The language of the poems is suitably jagged, given the Viking substratum:

Sparrows above, they are the size & colour of seagulls
Jokke saw they are so delicate, said their beaks
I told him & we throw rocks at them & eat them

with the preponderance of single-syllable words and fricative consonants combining highly effectively to create a suitably Nordic soundscape.

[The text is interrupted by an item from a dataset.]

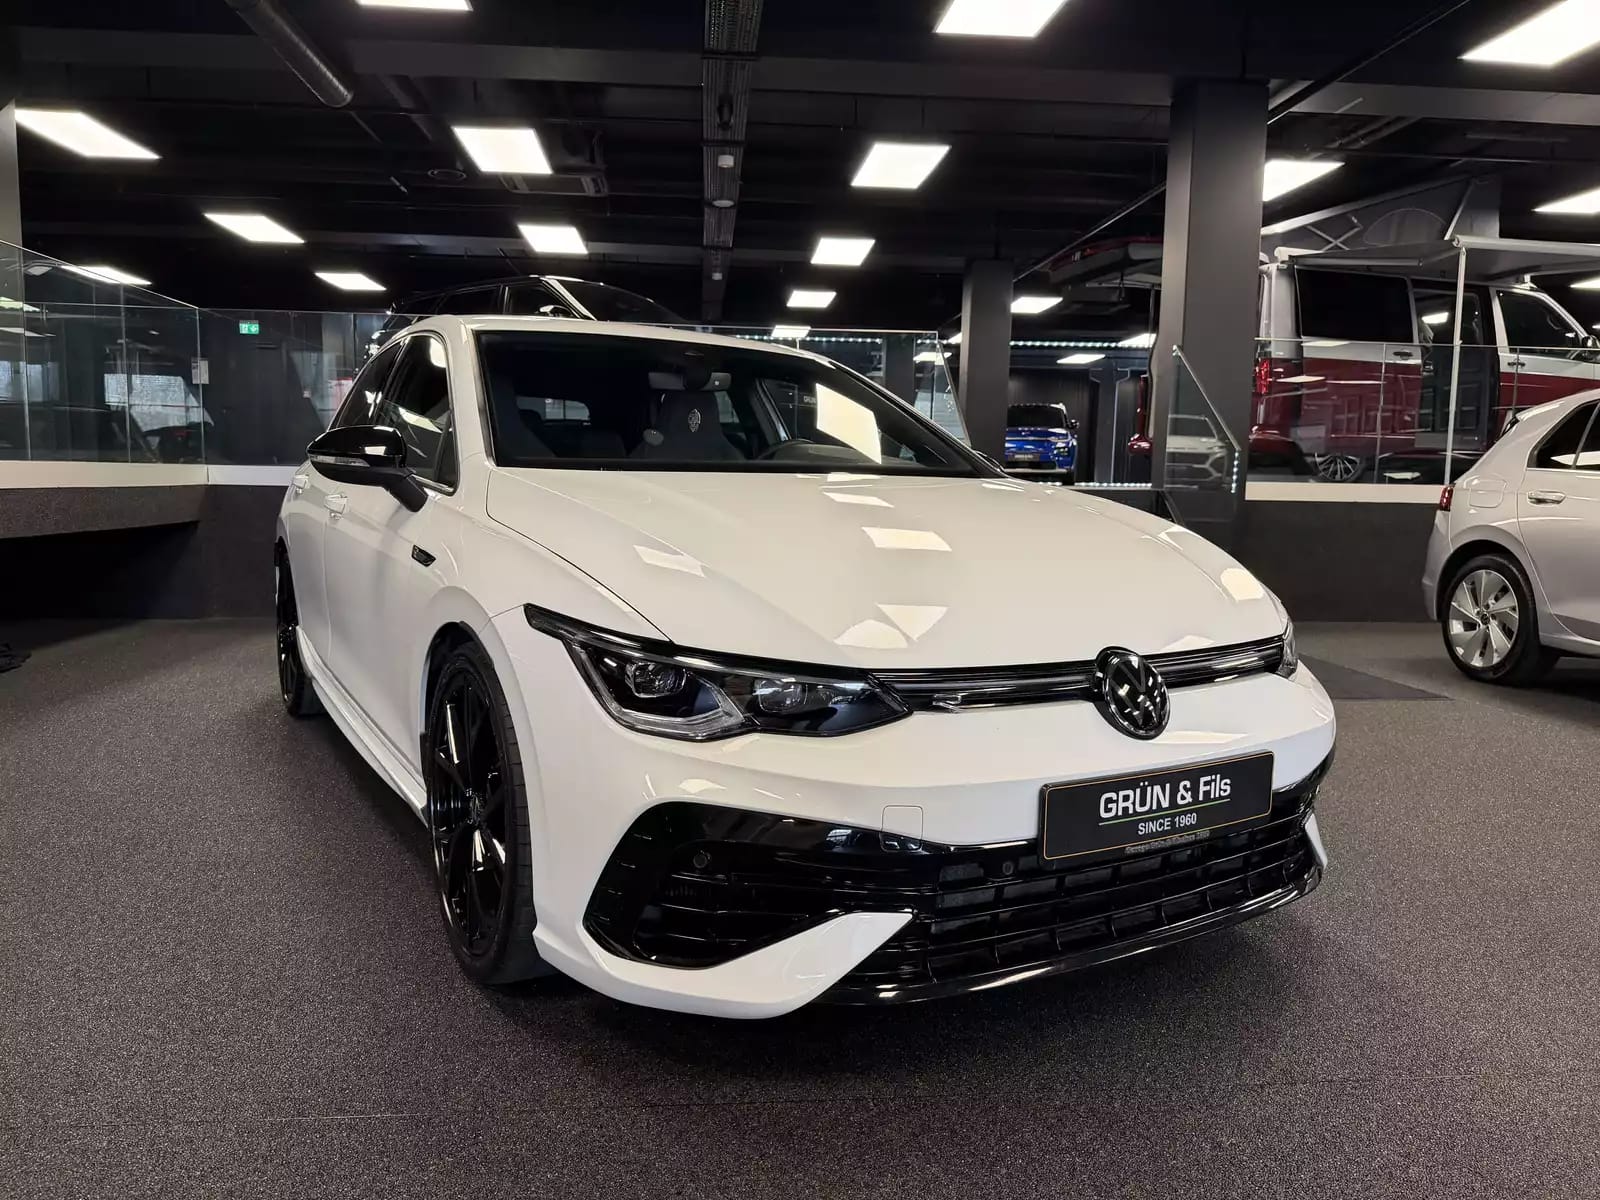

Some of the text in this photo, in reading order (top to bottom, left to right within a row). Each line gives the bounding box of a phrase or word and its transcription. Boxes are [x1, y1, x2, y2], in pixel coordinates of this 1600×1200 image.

[1099, 774, 1231, 819] GRÜN & Fils
[1137, 812, 1197, 836] SINCE 1960

In a recent interview, Fowler mentions Pierre Joris and Tom Raworth as exemplars of the kind of poetic practice he admires. Anselm Hollo, a poet often associated with them, gets a name-check in the first of these poems; ‘now a skald in Valhalla’. On the evidence of Whale Hunt, what Fowler’s work most has in common with these older poets is speed. Speed of perception, of movement from one object to another, of language: these are the dominant characteristics of these poems. They are fast, disjunctive and unsettling of readerly expectations:

when war walked upright on the waves
bearpaw blackfish           red arts admin.
that I surely shouldn’t do the recorded ruins
resurrected in Englishness tracery
intact in the tombing, parted company
heat dissolving delicacy, bound up
clow clear framing everyward to be heard

There is an additional undercurrent of animism running through the poems. Fowler’s whales and other animals are shape-shifting totemic creatures inhabiting a world in which ‘Time began with a bear then it became a Viking’. The bear is almost as much a presence as the whale; indeed they cannot really be distinguished:

Becoming Bear from Whale
Turns out the Whale is a Beaver
Bear > Beaver > Whale

Like Housman’s hunter and sailor, whalers, even putative Viking whalers, come home in the end. In fact, ‘home’ is the final word in both the first and last lines of the ninth and final poem in the set. For poet and Viking alike, it’s a hard-won landfall, ‘famished but alive’, wearing an Orca skull as helmet, home at last. It’s a neat resolution for such a restless sequence, final but somehow lacking finality, home until the next time, language, for the moment, at rest.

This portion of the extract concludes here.